MATERIAL FOR THE TASK below:

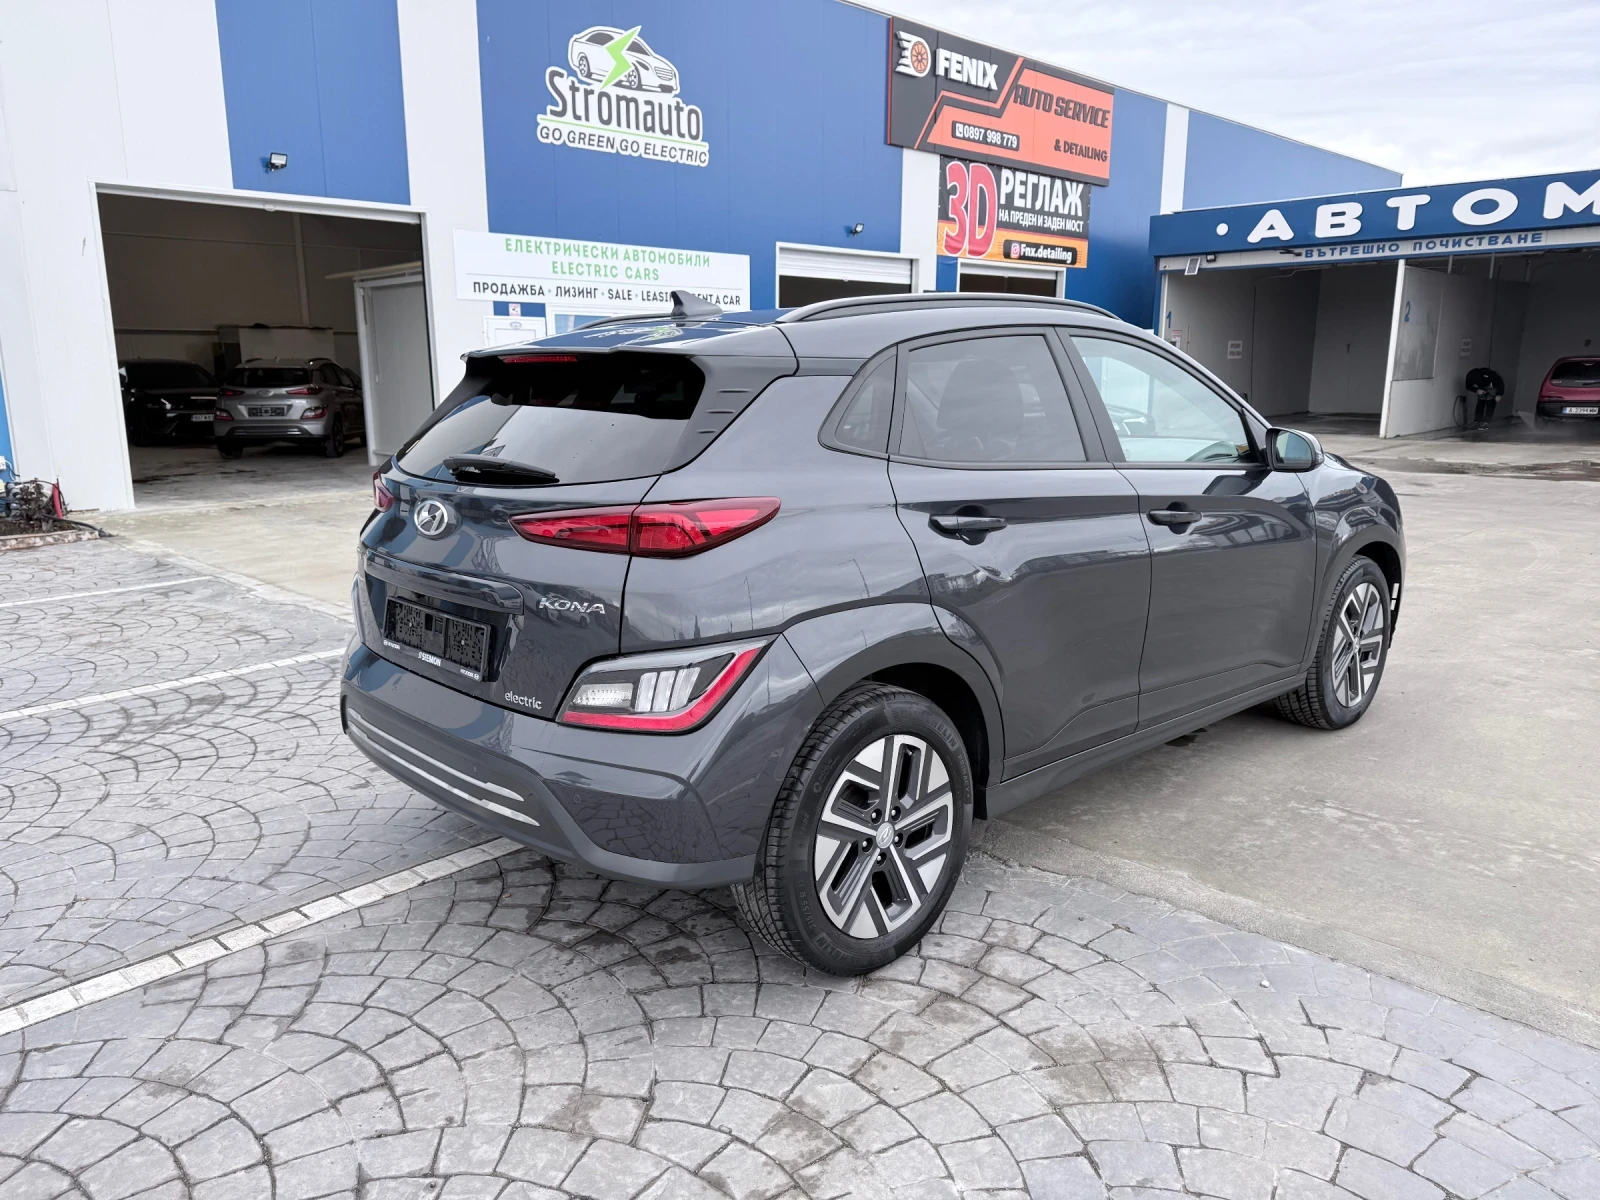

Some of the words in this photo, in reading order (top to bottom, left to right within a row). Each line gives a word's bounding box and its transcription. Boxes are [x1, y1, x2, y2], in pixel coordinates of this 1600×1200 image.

[937, 48, 998, 90] FENIX
[549, 70, 700, 140] Stromauto
[1013, 84, 1053, 112] AUTO
[1054, 97, 1110, 128] SERVICE
[540, 126, 562, 141] GO
[567, 130, 615, 149] GREEN
[619, 139, 640, 153] GO
[644, 143, 707, 163] ELECTRIC
[963, 124, 984, 141] 0897
[986, 130, 1001, 145] 998
[1002, 133, 1018, 148] 779
[1054, 139, 1062, 152] &
[1063, 141, 1108, 162] DETAILING
[1000, 168, 1084, 217] РЕГЛАЖ
[943, 161, 998, 259] 3D
[999, 209, 1009, 222] НА
[1010, 211, 1037, 227] ПРЕДЕН
[1037, 215, 1043, 226] И
[1043, 216, 1065, 231] ЗАДЕН
[1066, 219, 1084, 233] МОСТ
[1247, 181, 1600, 243] АВТОМ
[505, 238, 619, 260] ЕЛЕКТРИЧЕСКИ
[623, 248, 710, 267] АВТОМОБИЛИ
[1020, 244, 1073, 264] Fnx.detailing
[1304, 243, 1400, 259] ВЪТРЕШНО
[1413, 232, 1543, 251] ПОЧИСТВАНЕ
[552, 261, 618, 278] ELECTRIC
[625, 266, 660, 281] CARS
[473, 282, 545, 296] ПРОДАЖБА
[555, 286, 598, 299] ЛИЗИНГ
[608, 288, 633, 301] SALE
[641, 290, 674, 303] LEASI
[715, 295, 721, 305] A
[722, 295, 741, 306] CAR
[1166, 311, 1172, 328] 1
[1404, 300, 1411, 322] 2
[538, 597, 606, 614] KONA
[505, 690, 542, 710] electric
[958, 754, 970, 791] PRIMACY
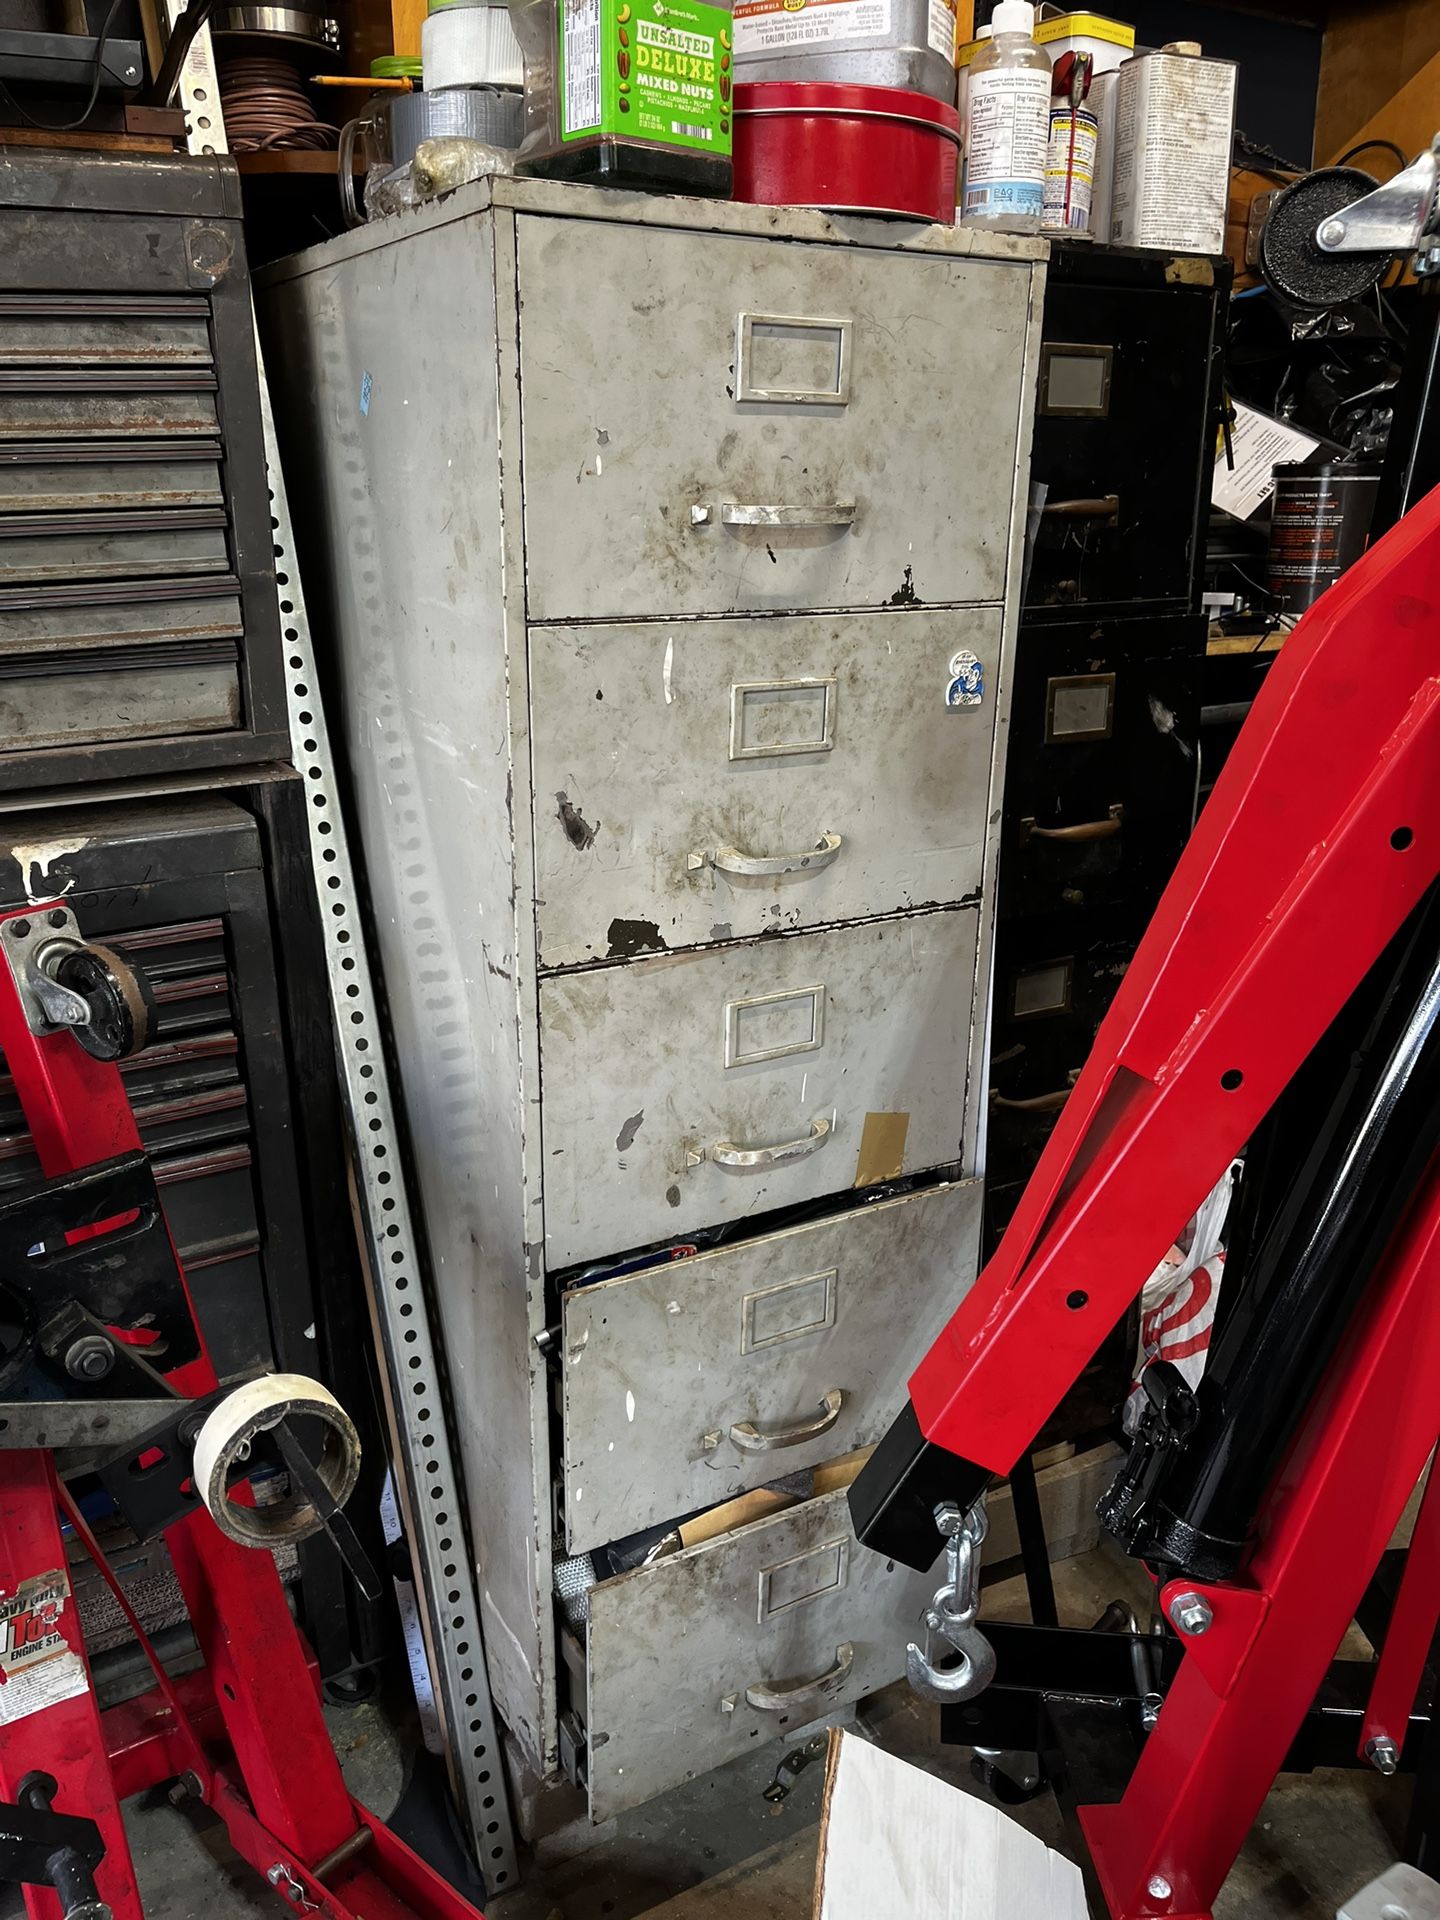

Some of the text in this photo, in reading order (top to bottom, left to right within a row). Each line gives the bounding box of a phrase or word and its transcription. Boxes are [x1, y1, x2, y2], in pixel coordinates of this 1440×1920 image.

[753, 2, 780, 12] FORMULA
[640, 25, 710, 54] UNSALTED
[761, 36, 764, 44] 1
[766, 33, 785, 44] GALLON
[786, 30, 798, 43] (128
[798, 29, 804, 39] FL
[806, 28, 814, 39] OZ)
[636, 44, 714, 82] DELUXE
[636, 72, 714, 101] MIXED NUTS
[11, 1640, 44, 1662] ENGINE
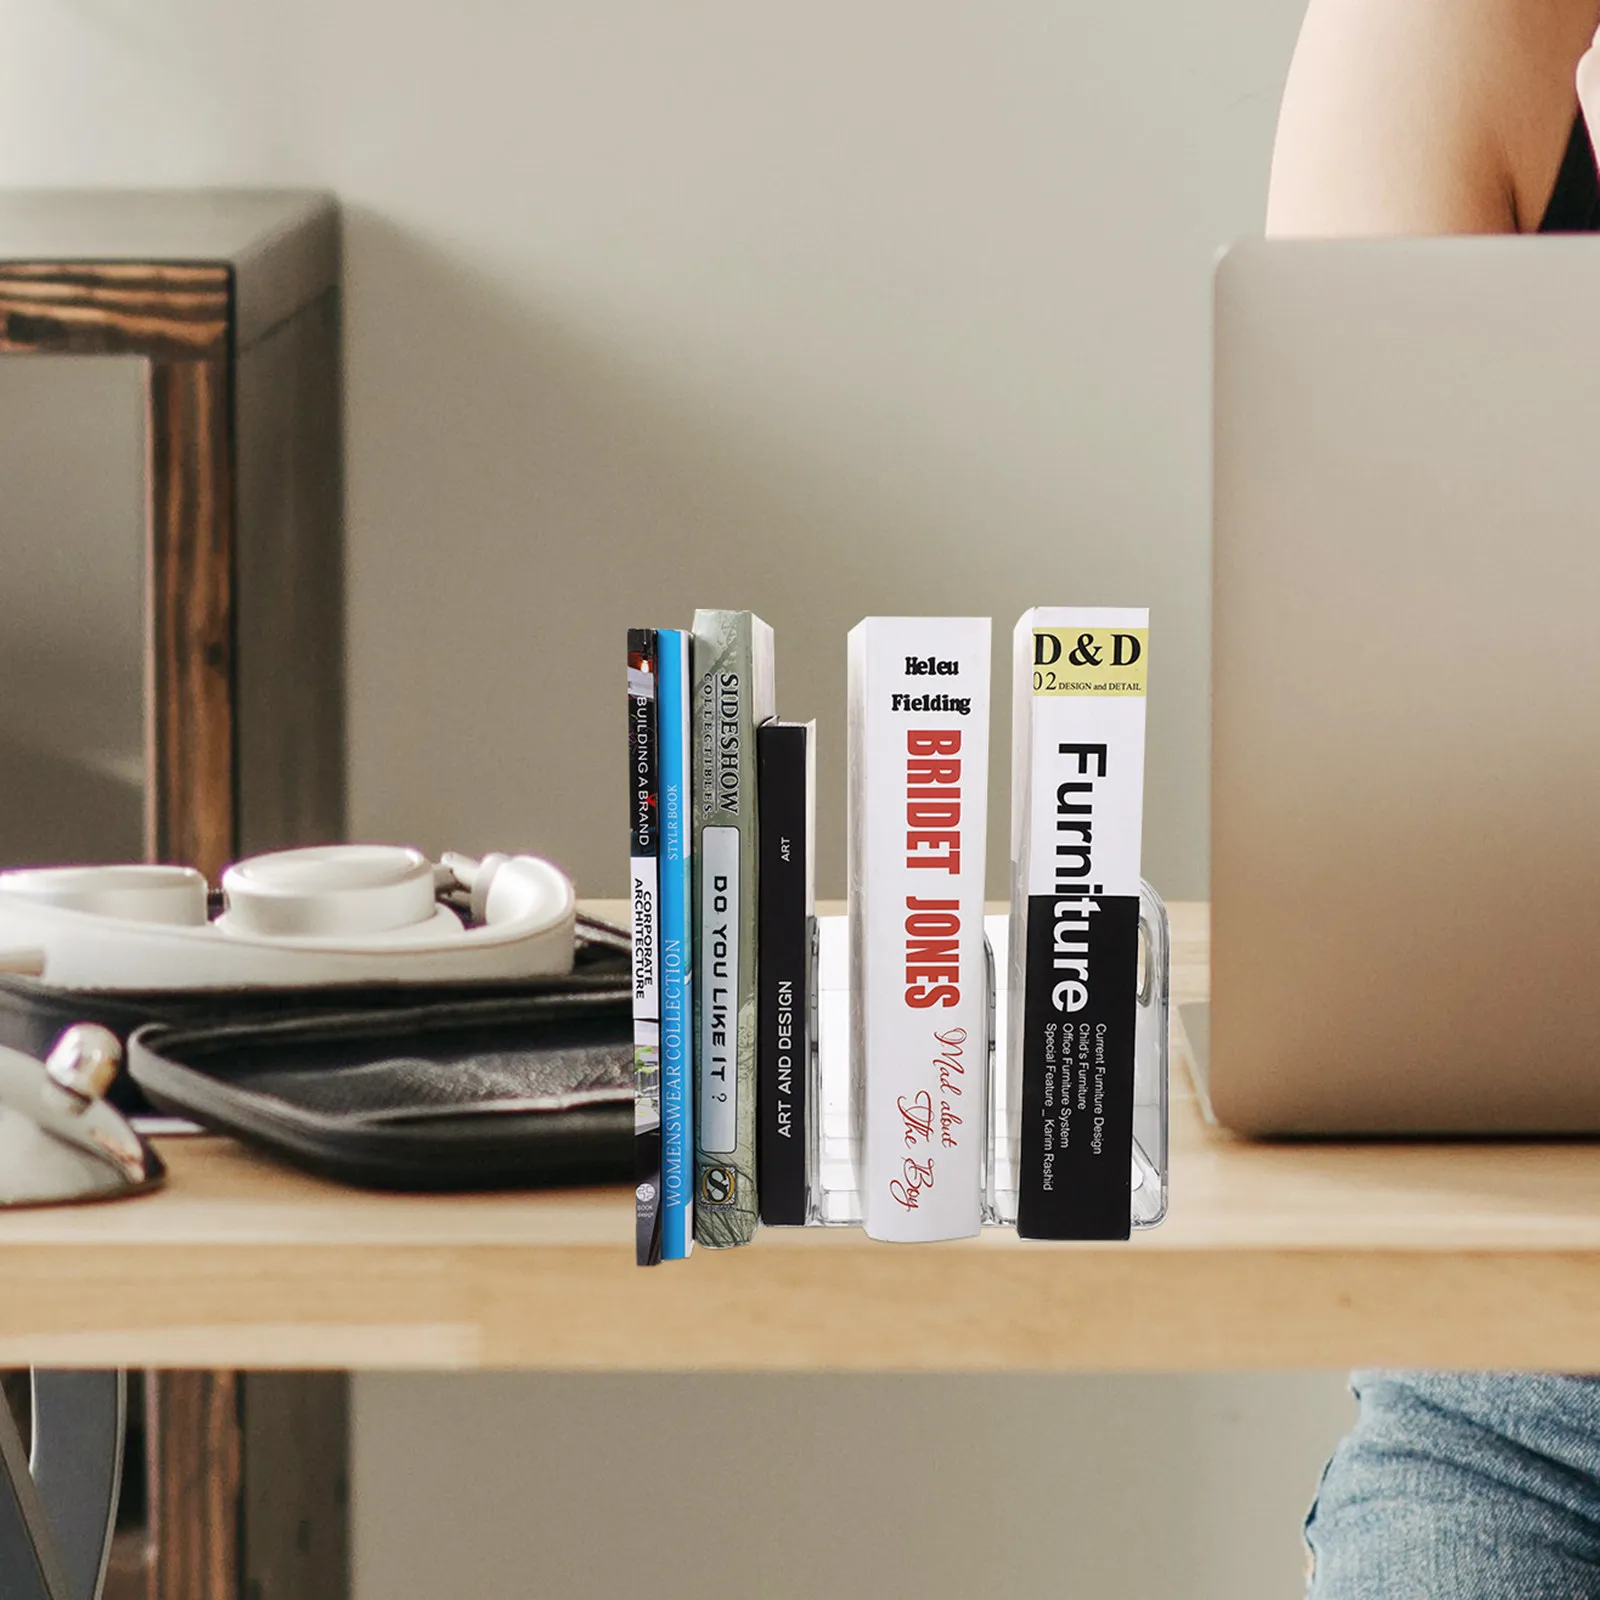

End of MATERIAL FOR THE TASK.

WORK TO COMPLETE:
Leave out the pictures, then give all the records again exactly.

COMPLETED EXERCISE:
Some of the words in this photo, in reading order (top to bottom, left to right within a row). Each line gives a word's bounding box and its transcription. Boxes are [x1, y1, x2, y2], in pixel coordinates of this 1600×1200 image.

[937, 48, 998, 90] FENIX
[549, 70, 700, 140] Stromauto
[1013, 84, 1053, 112] AUTO
[1054, 97, 1110, 128] SERVICE
[540, 126, 562, 141] GO
[567, 130, 615, 149] GREEN
[619, 139, 640, 153] GO
[644, 143, 707, 163] ELECTRIC
[963, 124, 984, 141] 0897
[986, 130, 1001, 145] 998
[1002, 133, 1018, 148] 779
[1054, 139, 1062, 152] &
[1063, 141, 1108, 162] DETAILING
[1000, 168, 1084, 217] РЕГЛАЖ
[943, 161, 998, 259] 3D
[999, 209, 1009, 222] НА
[1010, 211, 1037, 227] ПРЕДЕН
[1037, 215, 1043, 226] И
[1043, 216, 1065, 231] ЗАДЕН
[1066, 219, 1084, 233] МОСТ
[1247, 181, 1600, 243] АВТОМ
[505, 238, 619, 260] ЕЛЕКТРИЧЕСКИ
[623, 248, 710, 267] АВТОМОБИЛИ
[1020, 244, 1073, 264] Fnx.detailing
[1304, 243, 1400, 259] ВЪТРЕШНО
[1413, 232, 1543, 251] ПОЧИСТВАНЕ
[552, 261, 618, 278] ELECTRIC
[625, 266, 660, 281] CARS
[473, 282, 545, 296] ПРОДАЖБА
[555, 286, 598, 299] ЛИЗИНГ
[608, 288, 633, 301] SALE
[641, 290, 674, 303] LEASI
[715, 295, 721, 305] A
[722, 295, 741, 306] CAR
[1166, 311, 1172, 328] 1
[1404, 300, 1411, 322] 2
[538, 597, 606, 614] KONA
[505, 690, 542, 710] electric
[958, 754, 970, 791] PRIMACY

Some of the text in this photo, in reading order (top to bottom, left to right within a row). Each line gives the bounding box of a phrase or word and its transcription. Boxes are [x1, y1, x2, y2], in pixel coordinates of this 1440×1920 image.

[753, 2, 780, 12] FORMULA
[640, 25, 710, 54] UNSALTED
[761, 36, 764, 44] 1
[766, 33, 785, 44] GALLON
[786, 30, 798, 43] (128
[798, 29, 804, 39] FL
[806, 28, 814, 39] OZ)
[636, 44, 714, 82] DELUXE
[636, 72, 714, 101] MIXED NUTS
[11, 1640, 44, 1662] ENGINE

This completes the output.